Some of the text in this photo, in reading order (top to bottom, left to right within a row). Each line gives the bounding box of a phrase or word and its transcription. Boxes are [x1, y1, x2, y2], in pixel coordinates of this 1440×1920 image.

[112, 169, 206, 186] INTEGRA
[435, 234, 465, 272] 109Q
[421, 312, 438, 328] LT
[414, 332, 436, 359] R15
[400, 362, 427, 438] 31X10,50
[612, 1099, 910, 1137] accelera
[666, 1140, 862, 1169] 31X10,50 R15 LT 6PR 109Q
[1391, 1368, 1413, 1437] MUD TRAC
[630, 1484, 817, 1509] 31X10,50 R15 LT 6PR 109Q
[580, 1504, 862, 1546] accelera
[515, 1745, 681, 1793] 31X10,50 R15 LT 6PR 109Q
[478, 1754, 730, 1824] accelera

**What the task requires:**
Output all entries again exactly; no line may be altered.

**Written response:**
Some of the text in this photo, in reading order (top to bottom, left to right within a row). Each line gives the bounding box of a phrase or word and its transcription. Boxes are [x1, y1, x2, y2], in pixel coordinates of this 1440×1920 image.

[112, 169, 206, 186] INTEGRA
[435, 234, 465, 272] 109Q
[421, 312, 438, 328] LT
[414, 332, 436, 359] R15
[400, 362, 427, 438] 31X10,50
[612, 1099, 910, 1137] accelera
[666, 1140, 862, 1169] 31X10,50 R15 LT 6PR 109Q
[1391, 1368, 1413, 1437] MUD TRAC
[630, 1484, 817, 1509] 31X10,50 R15 LT 6PR 109Q
[580, 1504, 862, 1546] accelera
[515, 1745, 681, 1793] 31X10,50 R15 LT 6PR 109Q
[478, 1754, 730, 1824] accelera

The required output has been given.